La paraplegia spastica ereditaria è una rara malattia neurodegenerativa che colpisce da 1 a 10 persone su 100mila e che causa una progressiva spasticità degli arti inferiori: i sintomi possono sopraggiungere da un anno fino all’età avanzata, a seconda della forma. In chi è affetto i riflessi diventano esagerati e si osservano crampi, contrazioni e spasmi alle gambe, che ne rendono i movimenti rigidi e l’andatura a scatti con rischio di cadute e affaticamento. In alcune persone anche i muscoli delle braccia si indeboliscono e si irrigidiscono. Un recente studio condotto dall’Istituto di biologia e patologia molecolari del Cnr di Roma in collaborazione con la Sapienza ha fornito nuove informazioni sulla patogenesi di questa condizione, per la quale a oggi non esistono cure.
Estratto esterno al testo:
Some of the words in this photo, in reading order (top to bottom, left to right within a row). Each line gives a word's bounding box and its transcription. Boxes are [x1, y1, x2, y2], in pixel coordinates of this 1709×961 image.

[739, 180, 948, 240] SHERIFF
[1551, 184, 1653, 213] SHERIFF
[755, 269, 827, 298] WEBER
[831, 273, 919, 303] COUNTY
Sla, una sfida da affrontare insieme

Il ruolo della spastina

La ricerca, pubblicata su Brain, ha identificato un meccanismo molecolare che regola i livelli della spastina, una proteina fondamentale per il trasporto degli elementi essenziali necessari per il funzionamento del neurone. Questo meccanismo potrebbe rappresentare una svolta nel trattamento della paraplegia spastica ereditaria. La forma più comune della patologia, infatti, è causata da mutazioni che portano a una riduzione dei livelli della spastina, il cui controllo è essenziale per il corretto funzionamento dei neuroni. Gli studiosi, lavorando sul modello animale del moscerino della frutta, Drosophila melanogaster, e su cellule in coltura, sono riusciti ad aumentare i livelli di spastina e a recuperare la degenerazione neuronale associata alla malattia.
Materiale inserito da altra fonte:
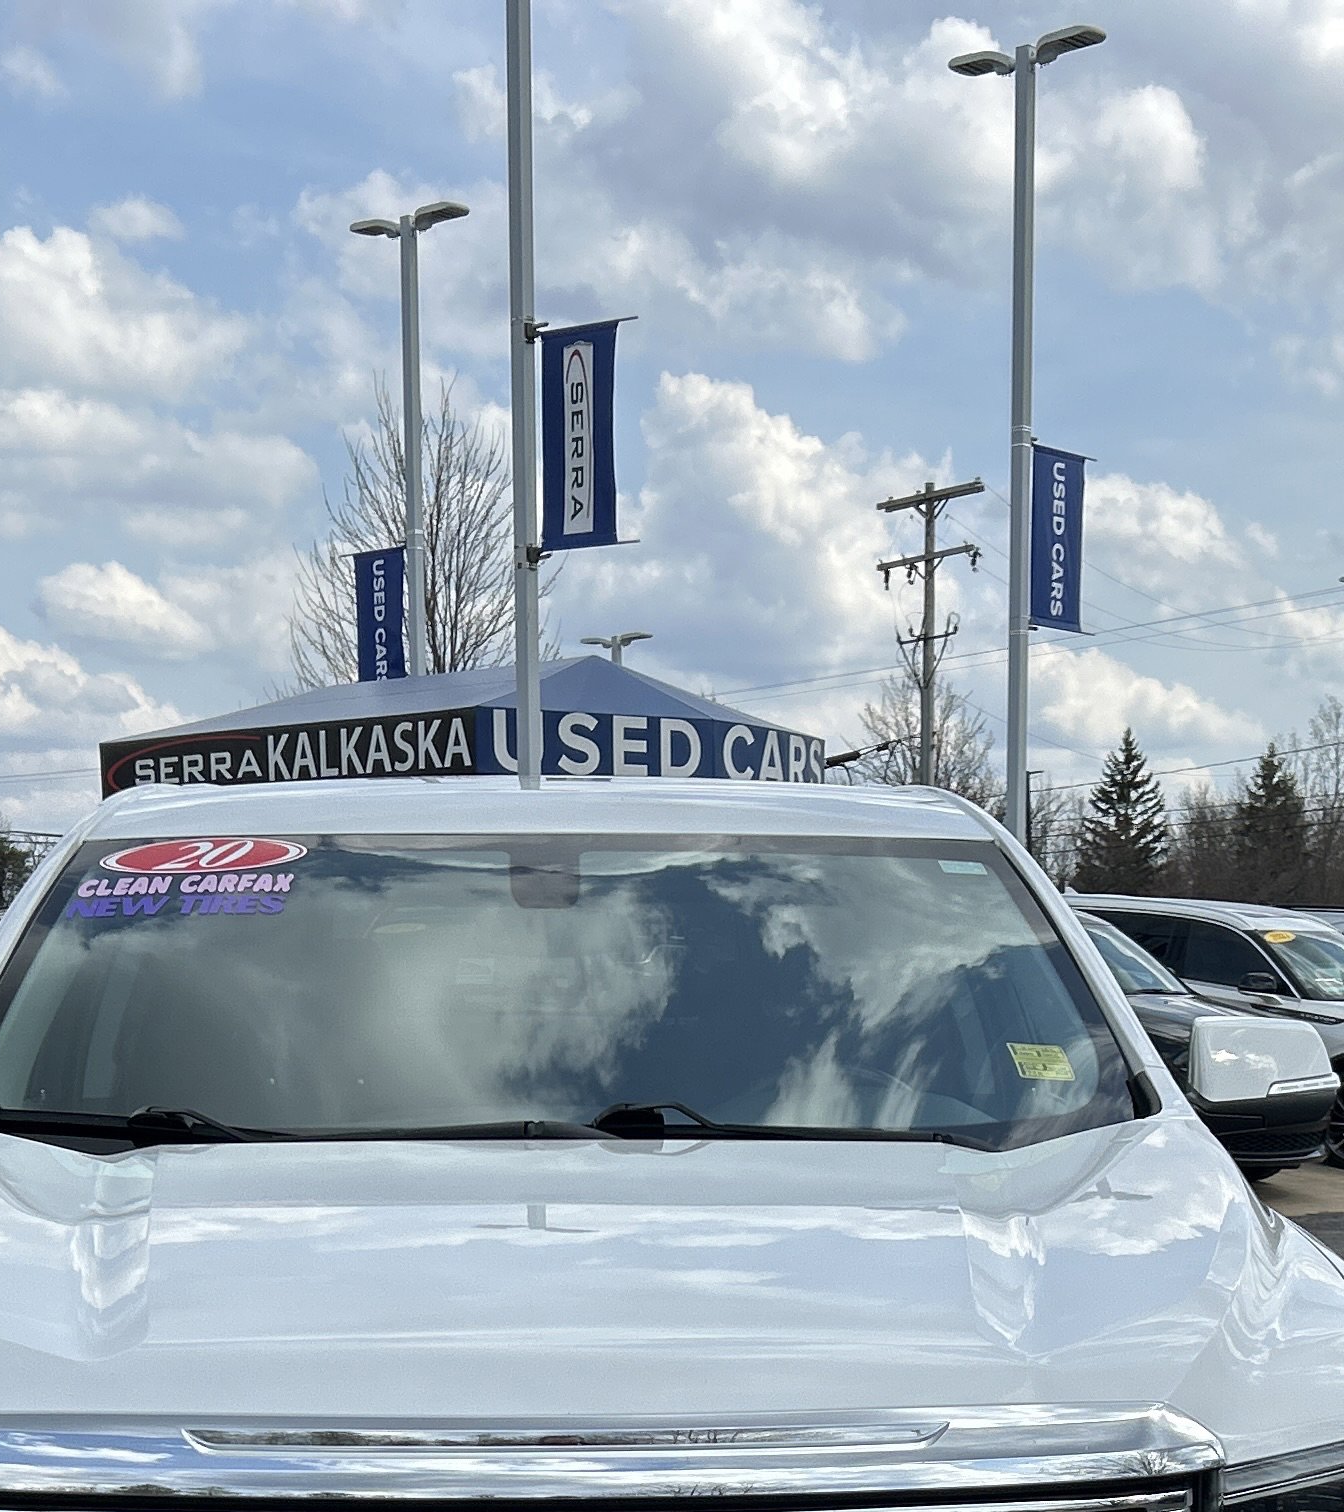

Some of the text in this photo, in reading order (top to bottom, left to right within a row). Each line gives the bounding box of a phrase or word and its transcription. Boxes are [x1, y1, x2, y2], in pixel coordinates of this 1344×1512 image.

Immunità, cervello, Alzheimer

Riduzione del danno neuromuscolare

«Abbiamo dimostrato che CRL4, un tipo di complesso proteico che si trova all’interno delle cellule e che ha la funzione di segnalare e marcare le proteine da degradare quando non sono più necessarie, è in grado di regolare i livelli della spastina nelle cellule», ha spiegato Cinzia Rinaldo del Cnr, coordinatrice dello studio. «Inattivando il complesso CRL4 è quindi possibile bloccare la degradazione di spastina e recuperarne il corretto dosaggio. L’esperimento ha dato risultati promettenti sul modello animale e anche in cellule derivate da pazienti». Interrompendo il processo che porta alla degradazione della spastina, si può favorire la sua presenza adeguata nell’organismo, contribuendo a mantenere in salute le cellule nervose e a ridurre i danni associati alla sua carenza. Naturalmente i risultati ottenuti offrono nuove opportunità per ideare terapie con cui affrontare quelle malattie invalidanti in cui l’aumento del livello di spastina può essere benefico.